Incidentally, this morning as I was mixing up everybody’s names and then stared at Elisabeth trying to get her name straight, I said out loud, “I keep forgetting her name!” No, of course I didn’t exactly mean that literally…but I have a very literal nearly-five-year-old daughter. Katie left the room and came back with paper and pen and asked me to spell Elisabeth, which I did, and she wrote down. Then she handed me the paper and said very seriously, “There–now when you forget what her name is, you can just look at this and read it!”
She’s now over 2 1/2 days old, still no middle name. For all of our children, the middle name has been the opportunity to use a name that is special for some reason (either because of being named for someone else or because of the actual meaning of the name), but which we wouldn’t use as a first name for some reason (usually the lack of compatibility in various languages). So the middle name IS a gift that we want to give our daughter, and just “sounding good with Elisabeth” isn’t a good enough reason…but my theoretical choice for a middle name doesn’t sound at all good with Elisabeth, so I can’t decide whether to take it or not. I’m driving my husband crazy (not for the first time…), but he’s not being any more helpful, either. Having five speaking children, we have five different suggestions from them, too. Actually, Elisabeth had been my first choice for a middle name for a long time (a name I love anyway, my grandma’s name (but with a z, not an s), and it means “pledged to God”), as I thought it too long for a first name, and I still think it’s too long for a first name, but if I could figure out how to put photos on here, I could prove that her name IS Elisabeth, because that’s what she looks like.
I suppose I’m rambling again.
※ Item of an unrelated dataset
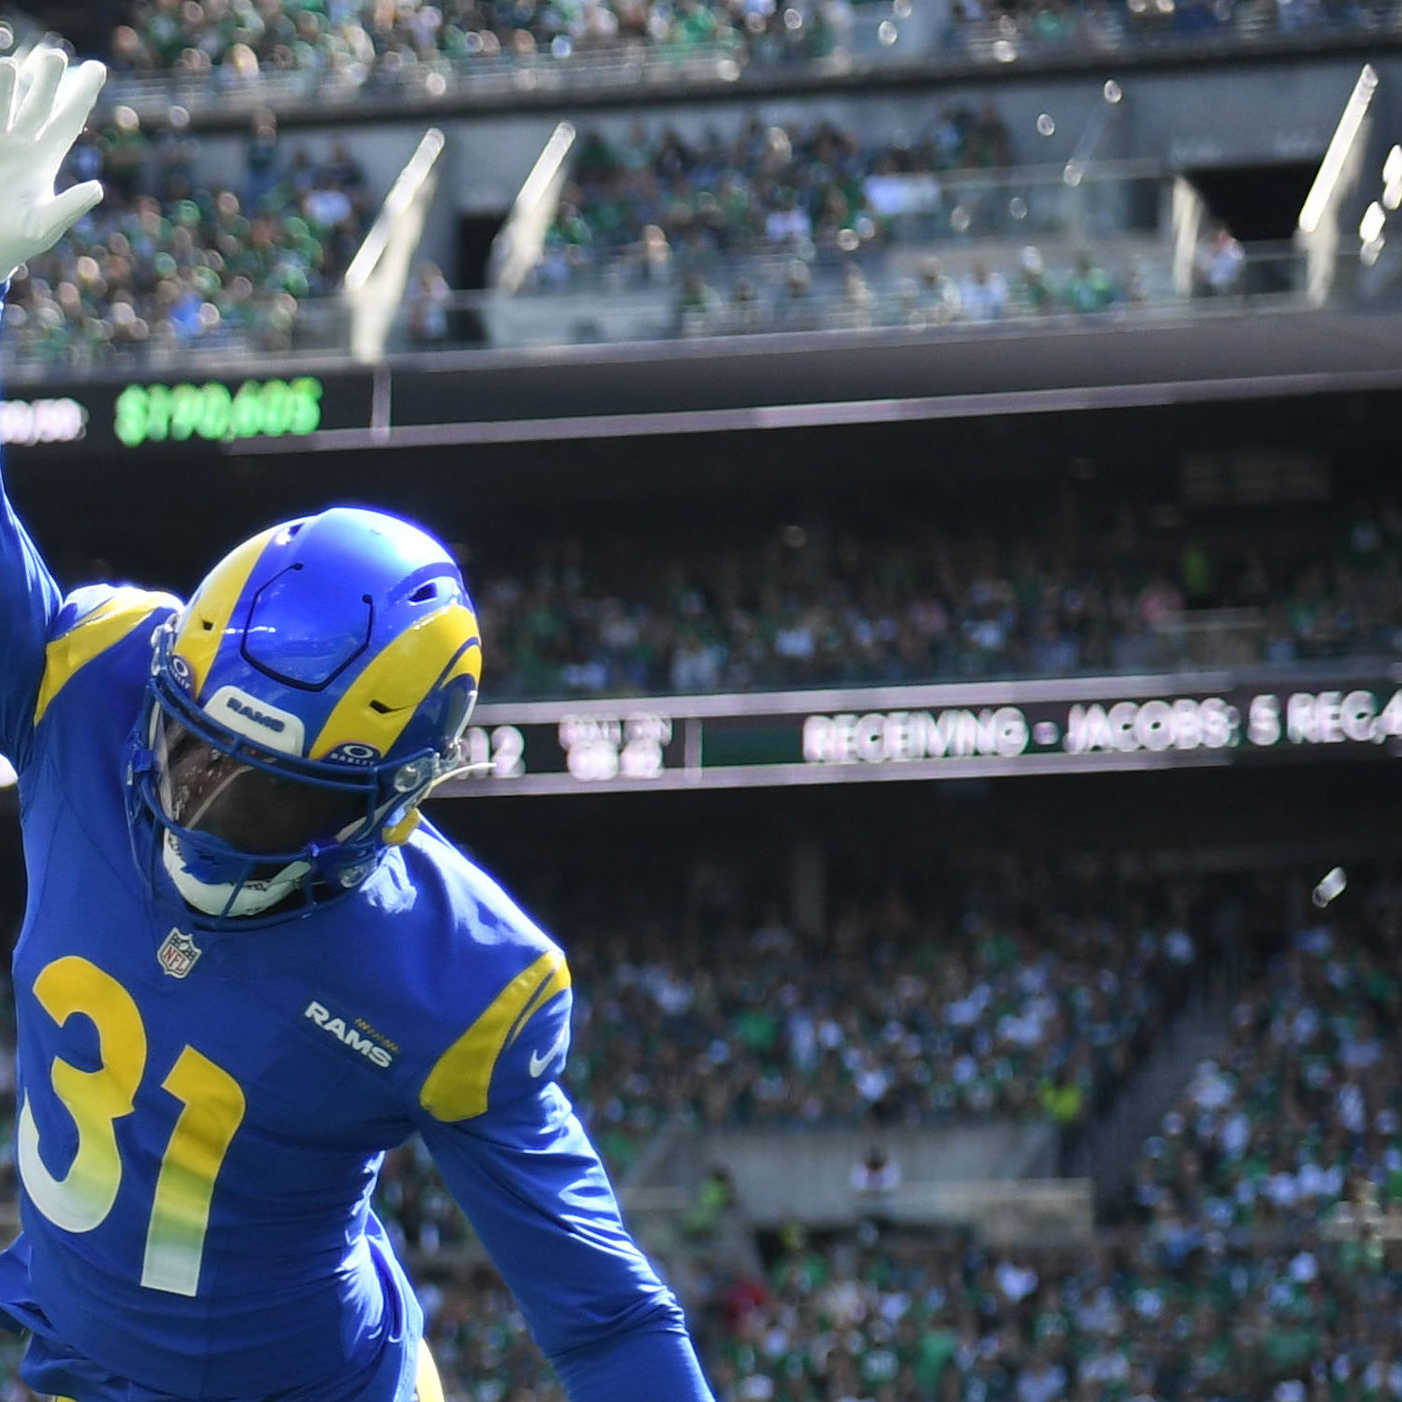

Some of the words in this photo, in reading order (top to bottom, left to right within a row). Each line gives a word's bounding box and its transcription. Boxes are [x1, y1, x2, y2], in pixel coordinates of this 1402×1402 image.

It’s just past 11:00, I ought to go to bed. I can only sleep so much, and I’m not DOING anything. The older children have been very helpful, my husband is home, and I’m just not doing anything except sitting on the couch with the fan blowing on me, and nursing Elisabeth. But I know my husband turned the air conditioner on in our bedroom when he went to bed a little while ago, so I think I’ll go to bed and read, at least.